Interventional Radiology for Diabetic Foot Disease: Imaging-Guided Therapies, Nursing Pathways, and Health Informatics for Safer Care
DOI:
https://doi.org/10.70082/2na0zw25Abstract
Diabetic foot disease represents a major cause of morbidity, limb loss, and healthcare burden among individuals with diabetes, particularly when compounded by peripheral arterial disease and chronic limb-threatening ischemia. Interventional radiology has become a cornerstone in limb salvage through minimally invasive, imaging-guided endovascular therapies. However, optimal clinical outcomes depend not only on technical success but also on coordinated nursing care and effective use of health informatics to enhance patient safety.
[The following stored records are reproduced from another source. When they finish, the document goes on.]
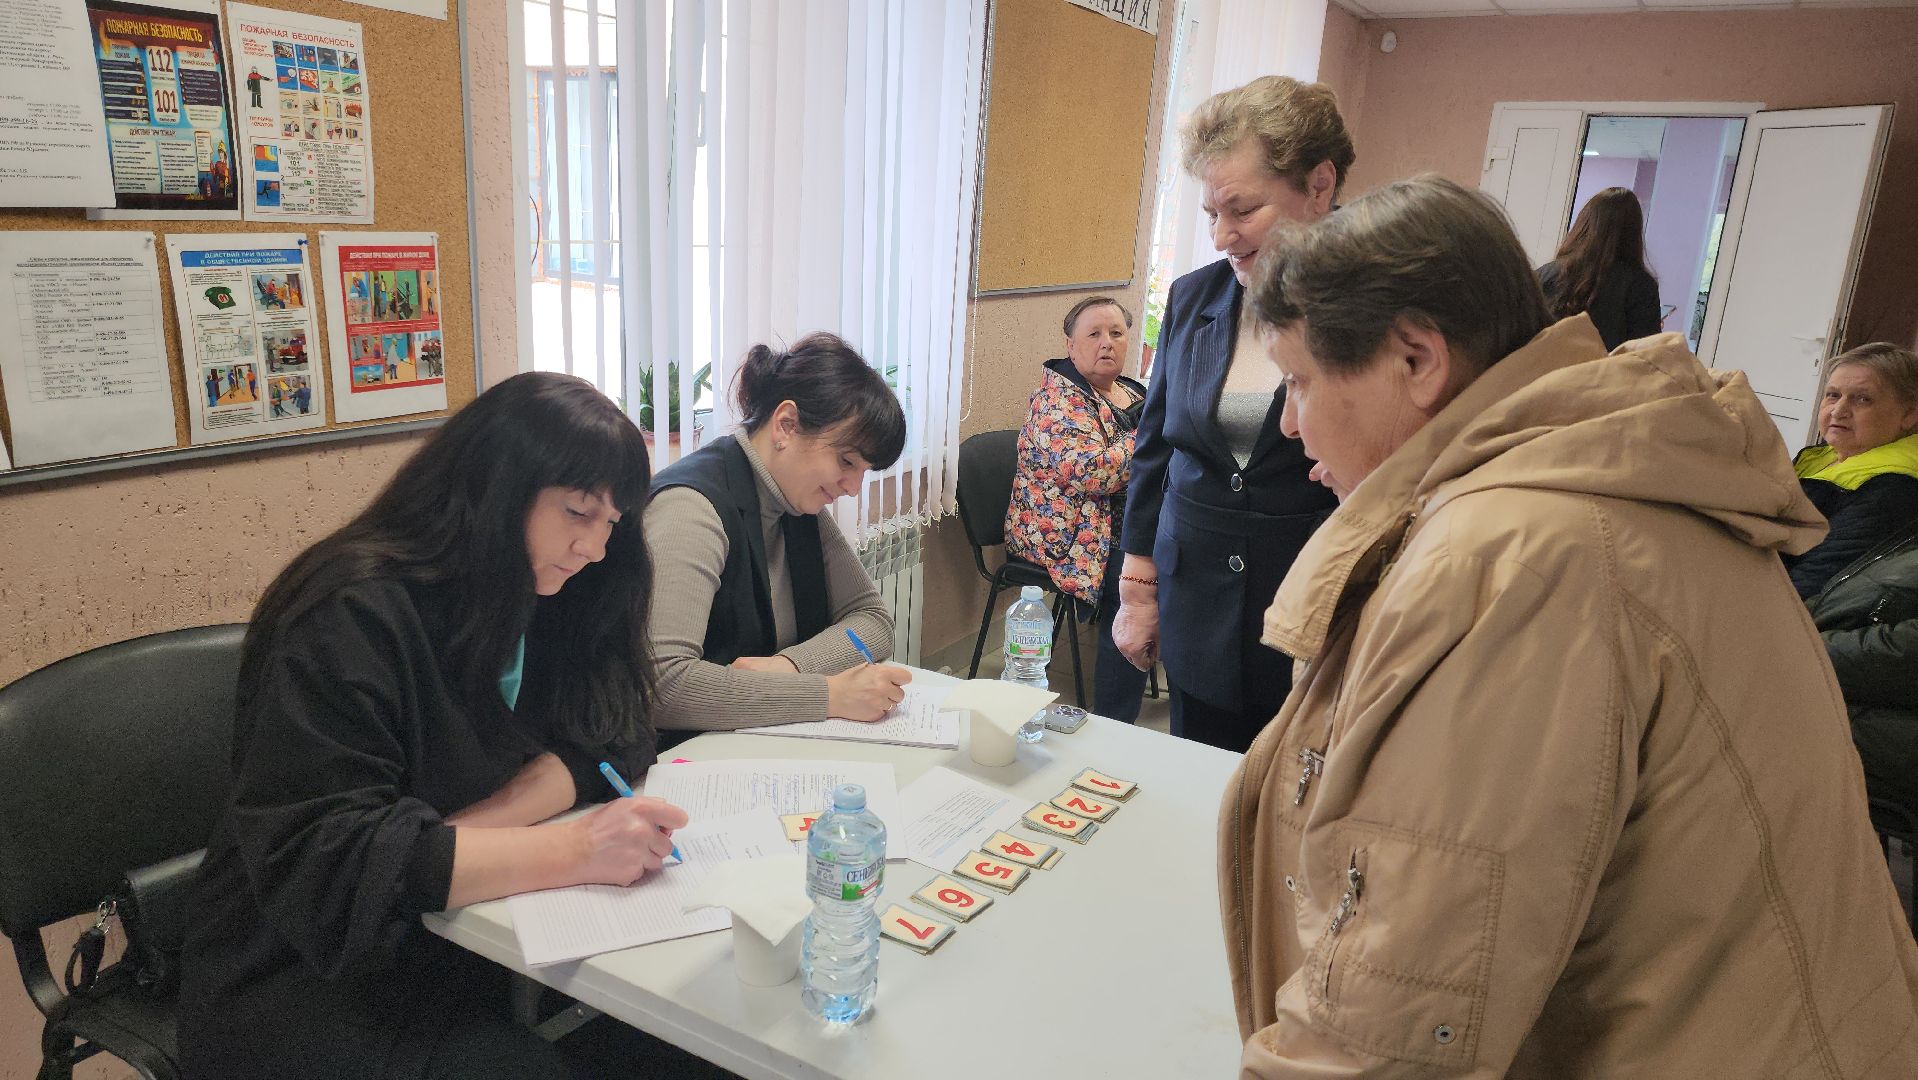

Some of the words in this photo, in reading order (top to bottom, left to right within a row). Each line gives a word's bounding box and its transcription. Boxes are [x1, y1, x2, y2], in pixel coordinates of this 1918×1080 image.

[106, 18, 149, 36] ПОЖАРНАЯ
[150, 22, 203, 42] БЕЗОПАСНОСТЬ
[240, 23, 288, 38] ПОЖАРНАЯ
[292, 32, 355, 48] БЕЗОПАСНОСТЬ
[148, 48, 174, 73] 112
[154, 89, 179, 114] 101
[1089, 778, 1121, 790] 1
[1066, 797, 1103, 814] 2
[1042, 813, 1077, 830] 3
[1000, 841, 1035, 857] 4
[974, 861, 1013, 880] 5
[937, 888, 975, 908] 6
[896, 917, 936, 941] 7
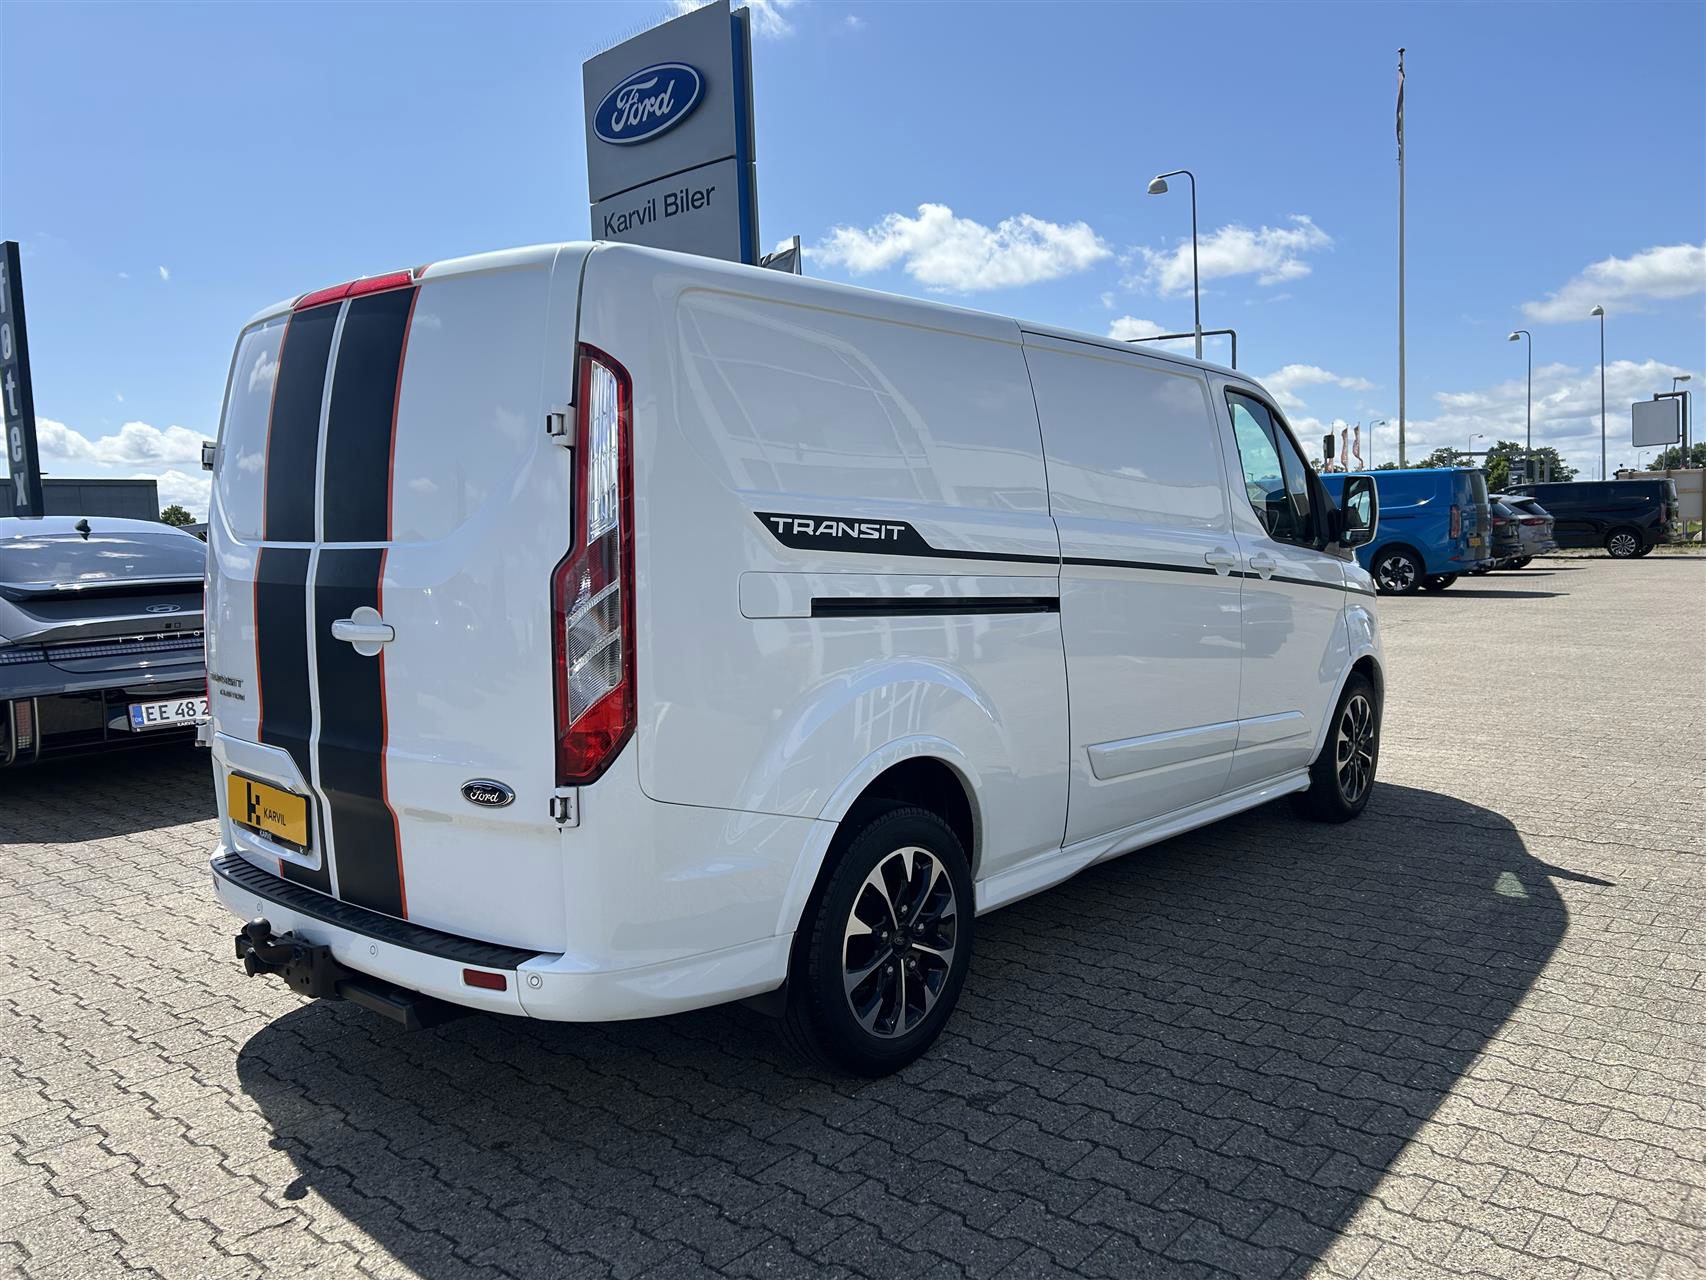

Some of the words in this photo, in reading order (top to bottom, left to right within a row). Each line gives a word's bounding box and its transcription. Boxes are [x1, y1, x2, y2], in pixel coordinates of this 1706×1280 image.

[610, 75, 677, 133] Ford
[603, 198, 657, 238] Karvil
[663, 185, 716, 218] Biler
[769, 516, 906, 541] TRANSIT
[145, 704, 170, 722] EE
[175, 701, 197, 718] 48
[469, 785, 500, 802] Ford
[263, 807, 287, 827] KARVIL
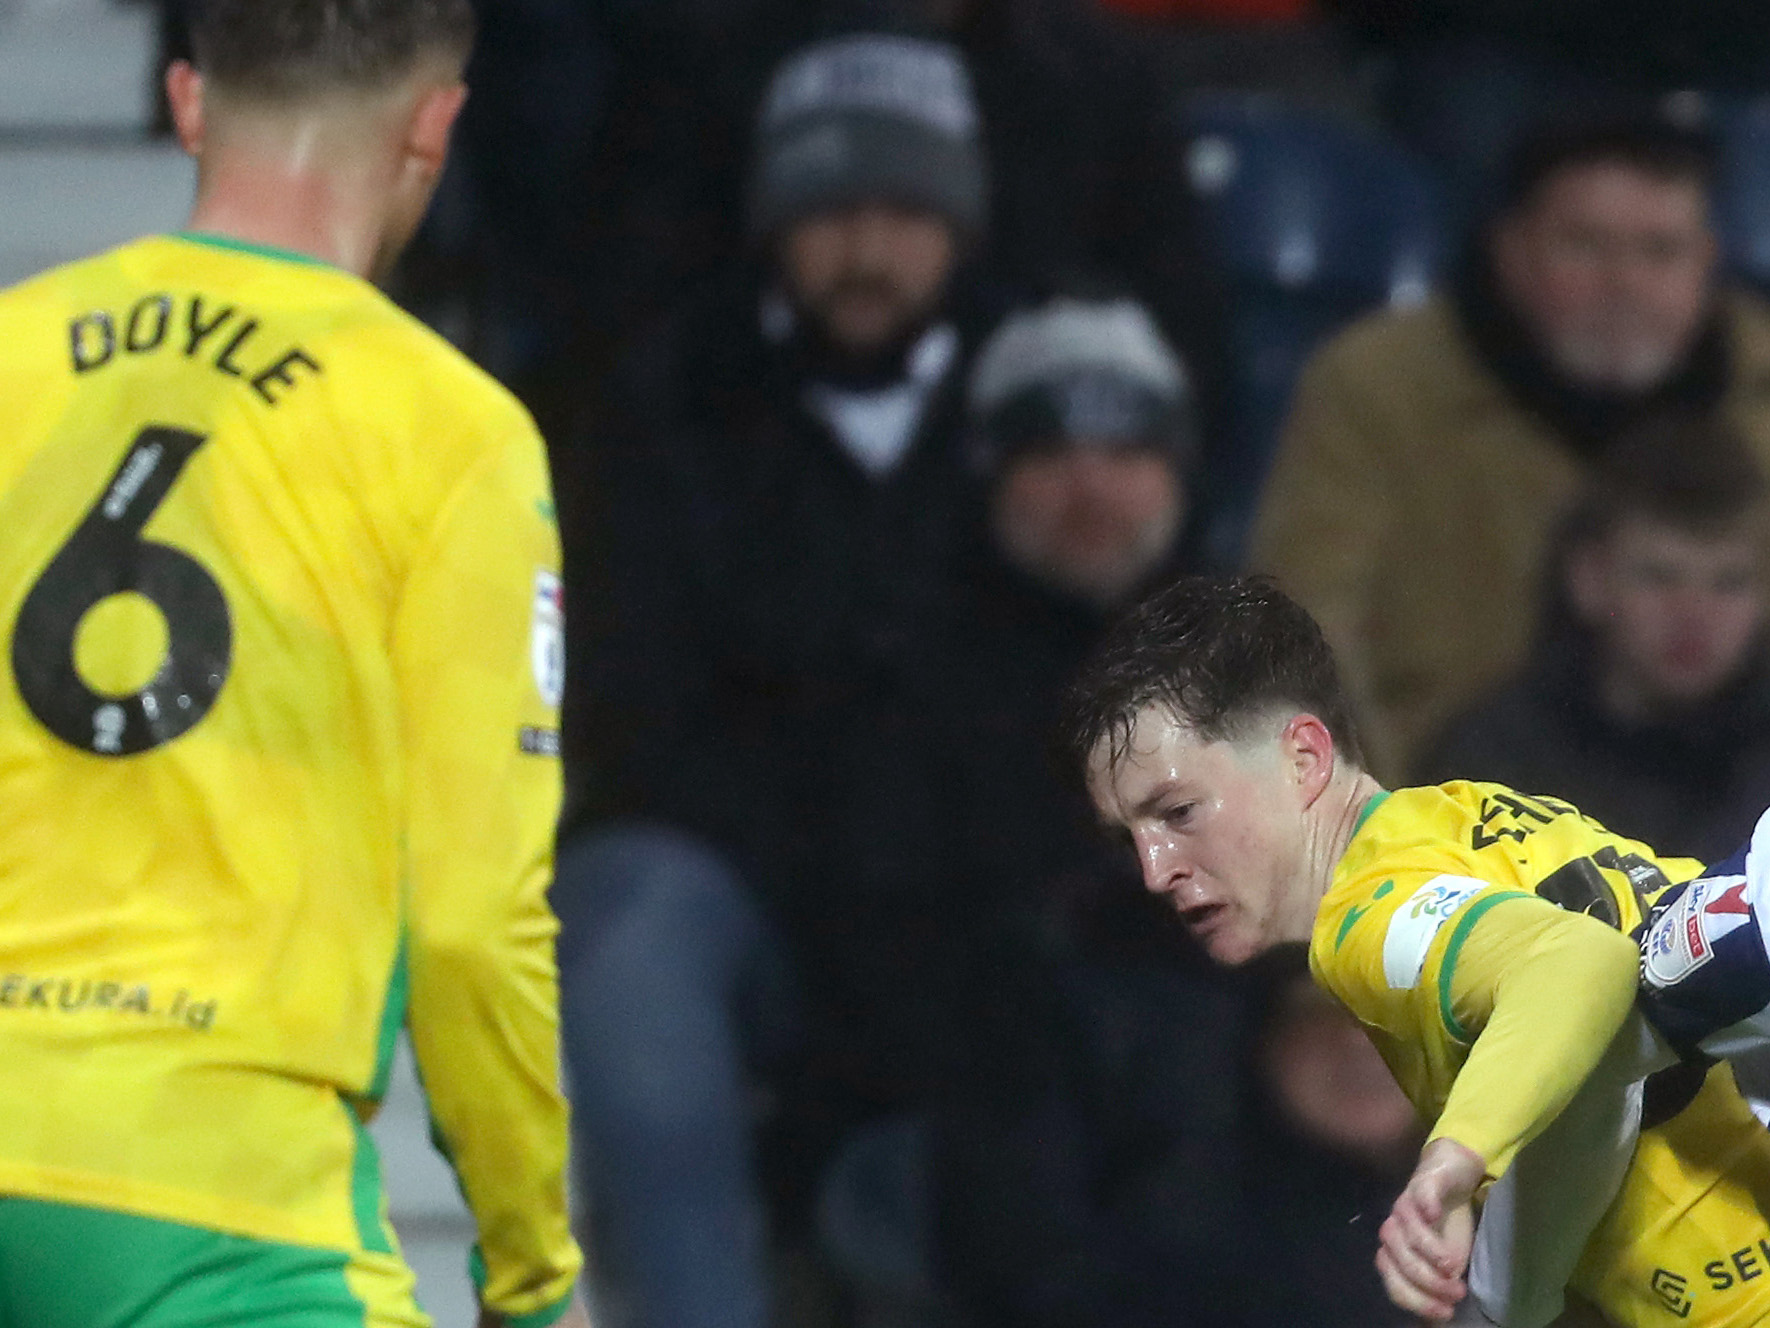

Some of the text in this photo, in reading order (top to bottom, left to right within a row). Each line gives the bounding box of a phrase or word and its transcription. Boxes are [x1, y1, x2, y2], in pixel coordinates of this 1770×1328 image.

This integrative review examines the role of interventional radiology in diabetic foot disease through a multidisciplinary framework that incorporates imaging-guided therapies, structured nursing pathways, and health informatics–supported care. A structured literature review of peer-reviewed studies published between 2010 and 2024 was conducted across major biomedical databases, focusing on endovascular interventions, nursing roles across procedural phases, and informatics applications relevant to safety and continuity of care, in alignment with international vascular and diabetic foot management guidelines (Hingorani et al., 2016; Conte et al., 2019).
The findings indicate that imaging-guided endovascular interventions, including percutaneous transluminal angioplasty and adjunctive technologies, are associated with improved limb salvage and wound healing when appropriately planned using advanced imaging modalities. Structured nursing pathways significantly contribute to risk mitigation through pre-procedural assessment, intra-procedural monitoring, and post-procedural surveillance and education. Health informatics systems, including electronic health records and imaging informatics, facilitate interdisciplinary communication, clinical decision support, and longitudinal outcome tracking, thereby reducing preventable complications. Synthesized clinical case studies further demonstrate how integration of these domains enhances safety and patient-centered outcomes.
In conclusion, interventional radiology achieves its greatest impact in diabetic foot disease when embedded within standardized nursing pathways and supported by robust health informatics infrastructure. This integrated, safety-oriented model offers a scalable approach to improving limb preservation and quality of care in high-risk diabetic populations.